Cloudflare Adds Voice to AI Agents

Cloudflare is injecting voice into its AI Agents SDK, aiming to bridge the gap between text-based interactions and natural conversation. For many, AI agents have been confined to chat interfaces, requiring users to master prompt engineering. This new experimental voice pipeline, available via the @cloudflare/voice package, allows agents to converse in real-time over existing WebSocket connections.

The integration means voice becomes just another input modality, managed by the same Durable Object infrastructure that powers the SDK. This approach preserves the agent's state, persistence, and tooling, avoiding the need to migrate to separate voice frameworks.

Voice as a Native Agent Feature

The @cloudflare/voice package offers flexibility with options like withVoice(Agent) for full voice agents and withVoiceInput(Agent) for speech-to-text-only use cases like dictation or voice search. React developers can leverage useVoiceAgent and useVoiceInput hooks, while framework-agnostic clients can use VoiceClient.

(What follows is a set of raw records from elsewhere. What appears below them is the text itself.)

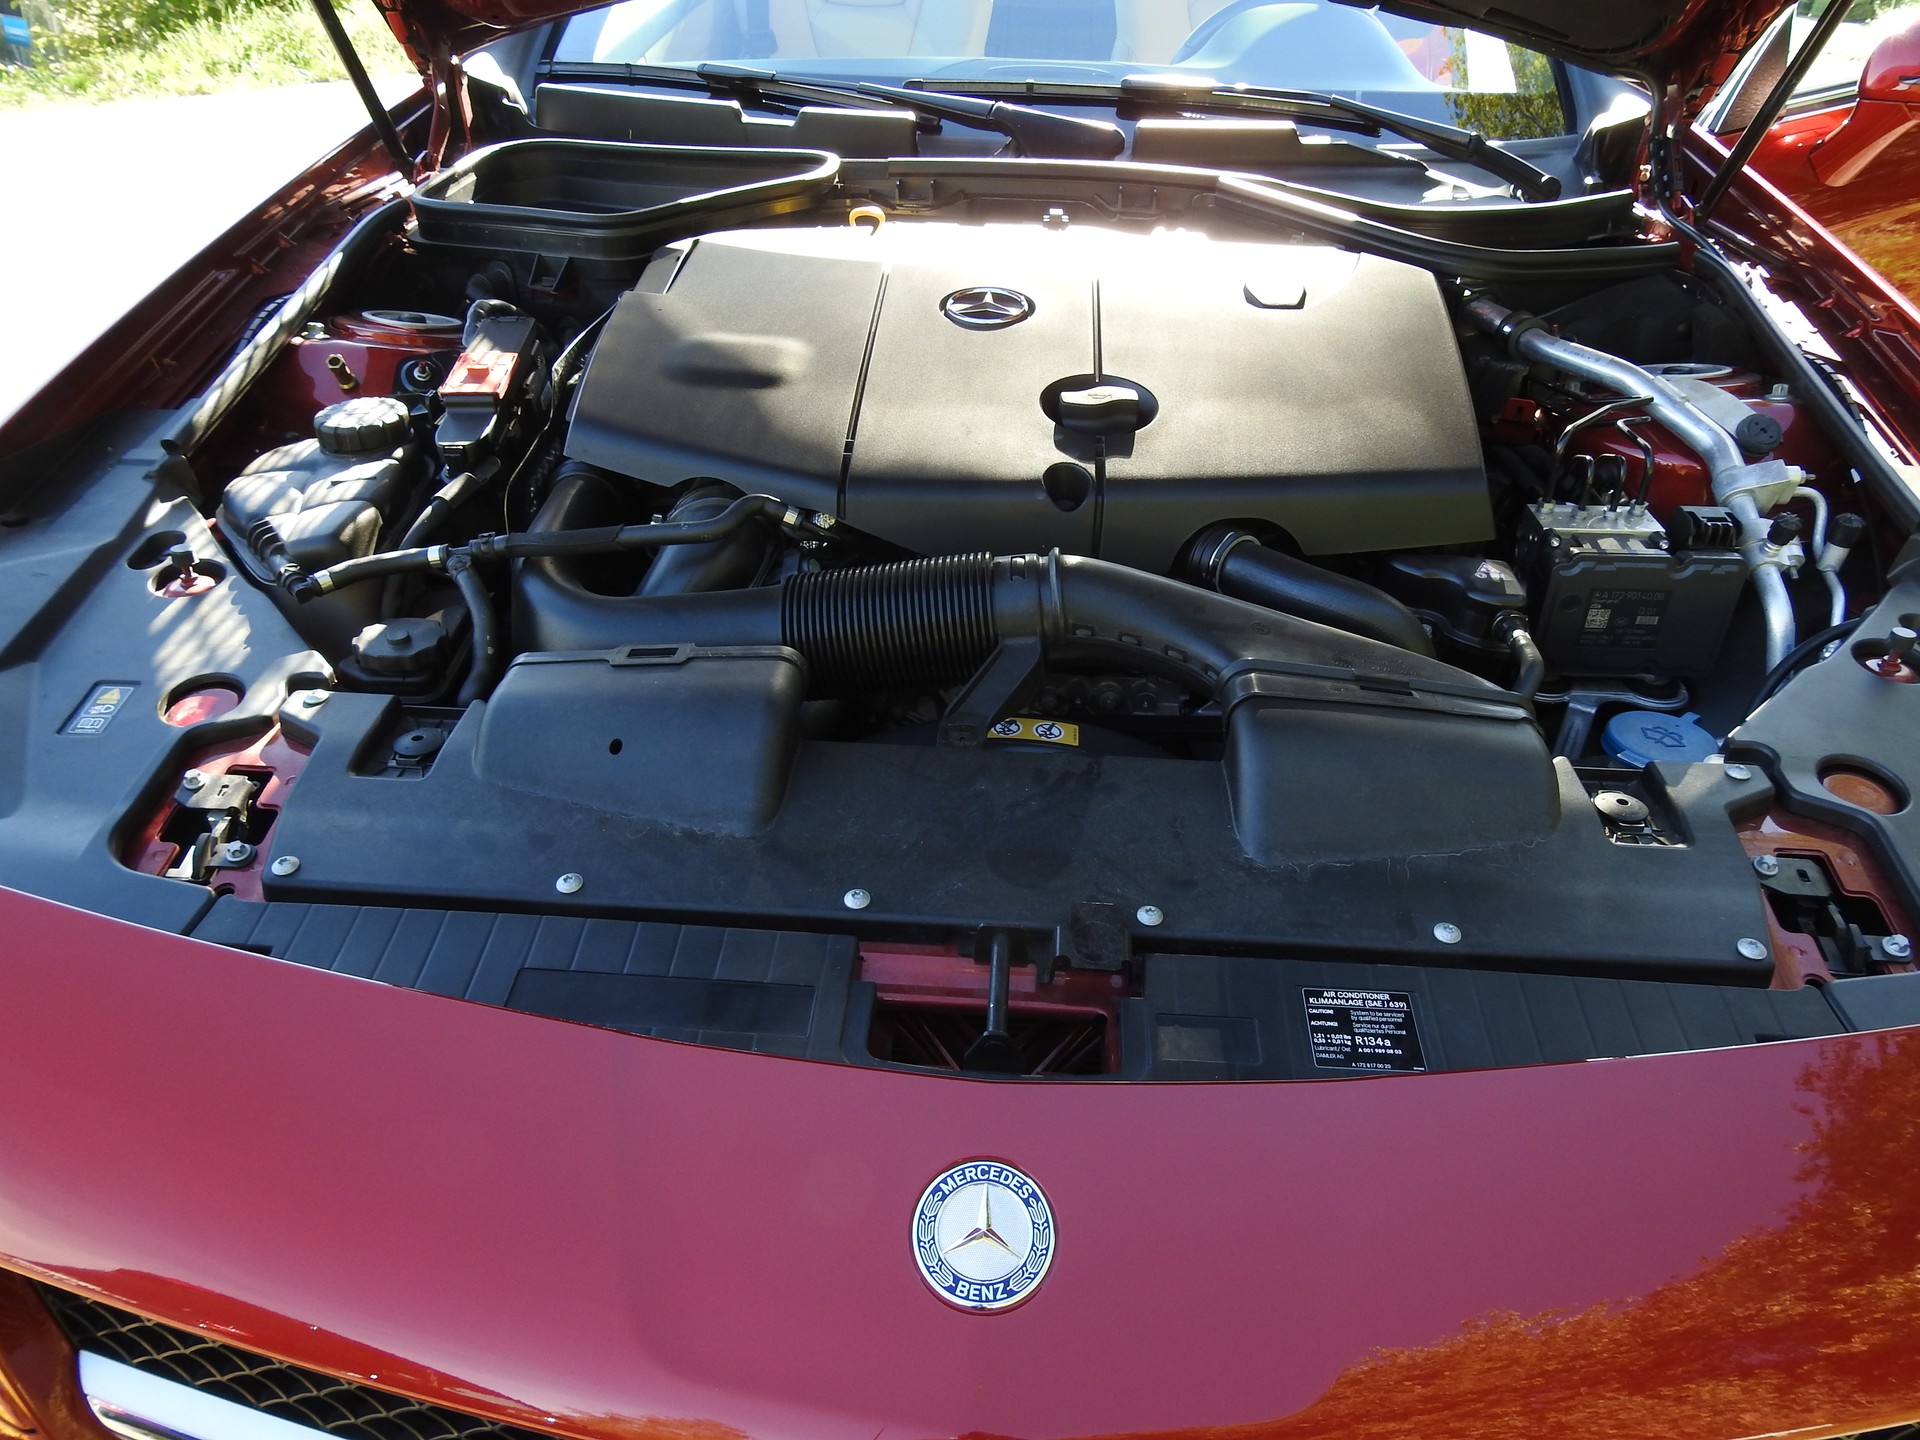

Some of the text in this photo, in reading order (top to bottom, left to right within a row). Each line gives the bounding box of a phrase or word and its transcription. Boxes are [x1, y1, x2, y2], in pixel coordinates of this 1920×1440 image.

[1337, 992, 1390, 1000] CONDITIONER
[1309, 998, 1364, 1006] KLIMAANLAGE
[1365, 1000, 1382, 1008] (SAE
[1389, 1001, 1406, 1010] 639)
[1355, 1036, 1392, 1046] R134a
[940, 1165, 1033, 1199] MERCEDES
[955, 1280, 1008, 1300] BENZ
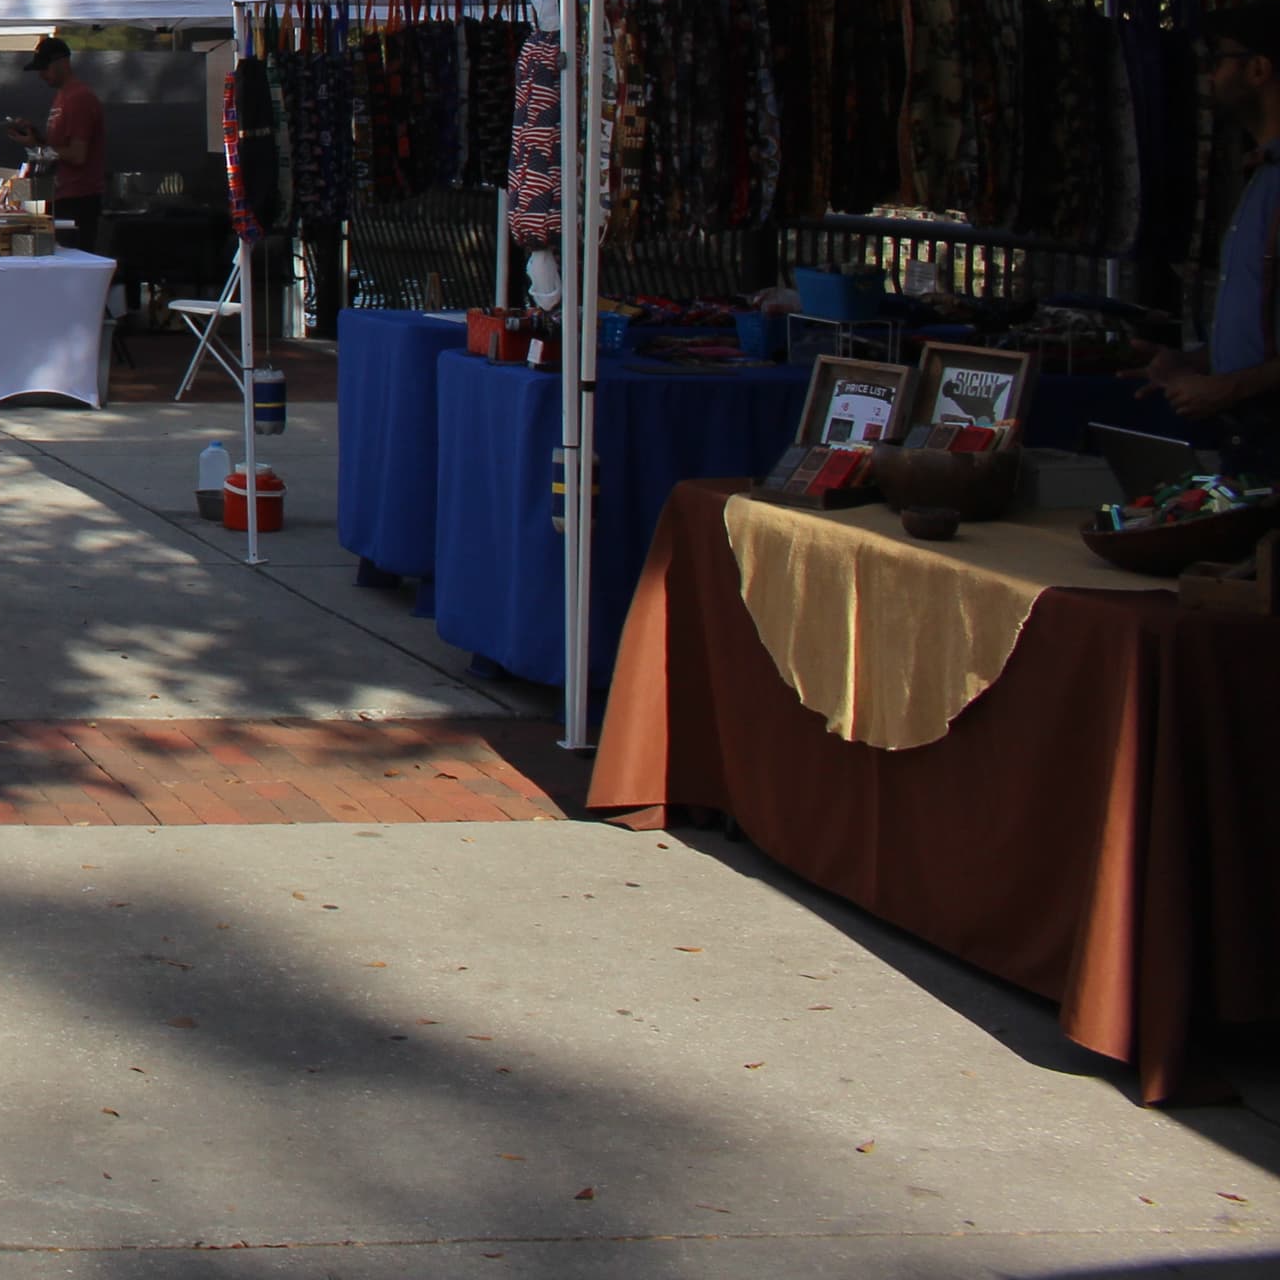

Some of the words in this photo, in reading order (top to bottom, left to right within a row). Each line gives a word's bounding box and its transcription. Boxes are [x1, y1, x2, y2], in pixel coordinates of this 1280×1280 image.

[845, 383, 868, 395] PRICE
[869, 386, 887, 397] LIST
[953, 371, 1000, 399] SICILY
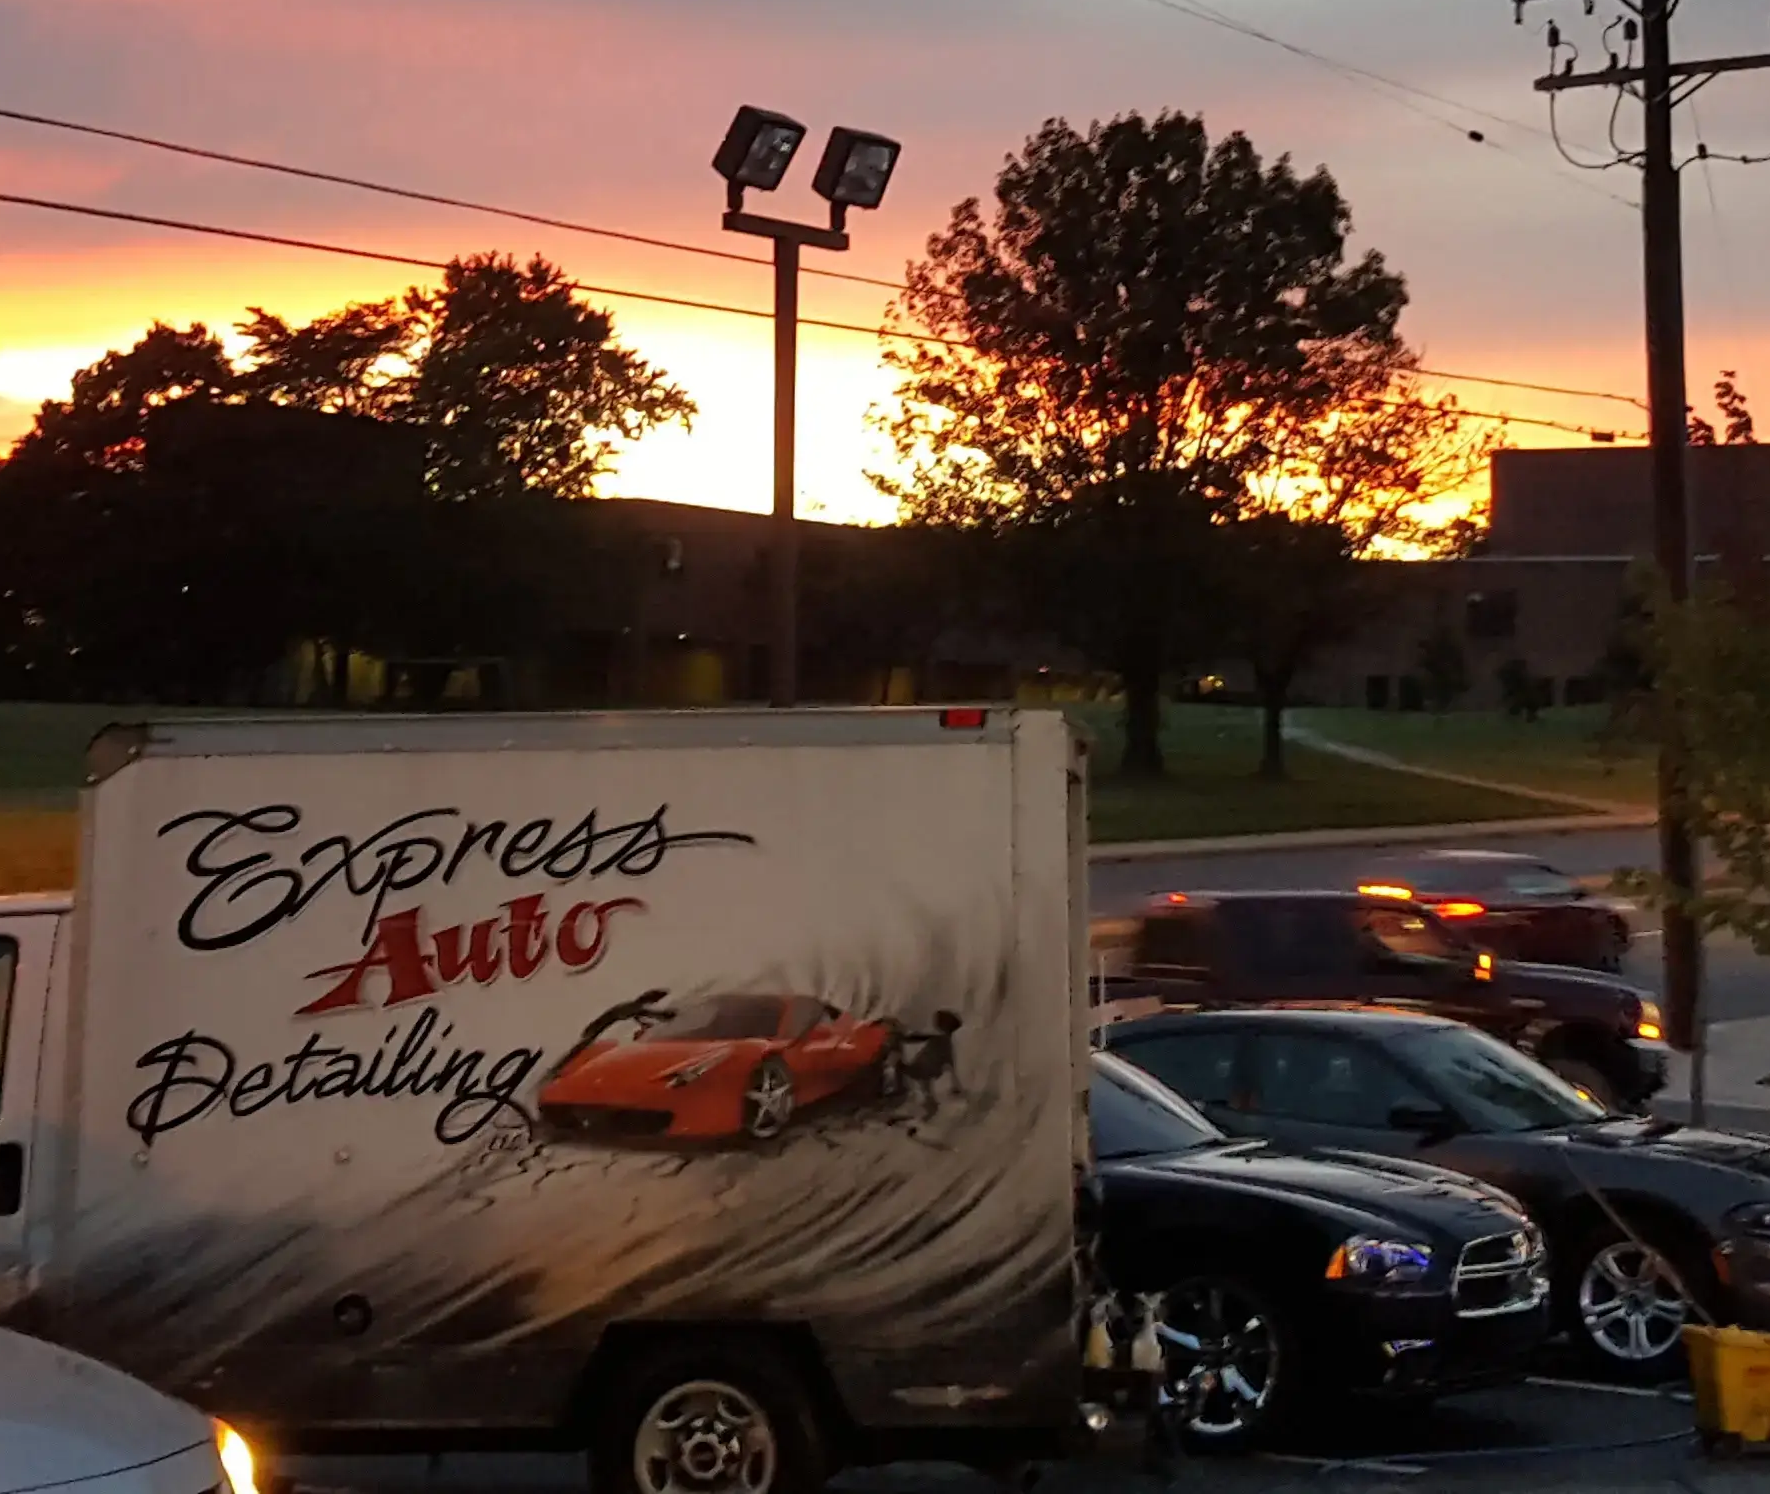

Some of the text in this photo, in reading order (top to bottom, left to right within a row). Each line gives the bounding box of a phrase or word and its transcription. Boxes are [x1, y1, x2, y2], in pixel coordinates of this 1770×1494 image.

Cloudflare integrates Workers AI providers for immediate use, including Deepgram for continuous STT (Flux, Nova 3) and TTS (Aura), eliminating the need for external API keys to get started.

This enables developers to build agents that users can talk to, with responses synthesized back, all while maintaining a single WebSocket connection and persisting conversation history in SQLite.

Designed for Extensibility

Cloudflare emphasizes an open approach. The provider interfaces within @cloudflare/voice are intentionally minimal, encouraging third-party developers to build speech, telephony, and transport components. This aims to prevent vendor lock-in and allow developers to customize their voice architecture.

Simplified Voice Agent Development

The server-side setup is remarkably concise. Developers instantiate a continuous transcriber and a text-to-speech provider, then implement the onTurn() method to handle transcribed input. The client-side integration is equally streamlined, particularly with React hooks.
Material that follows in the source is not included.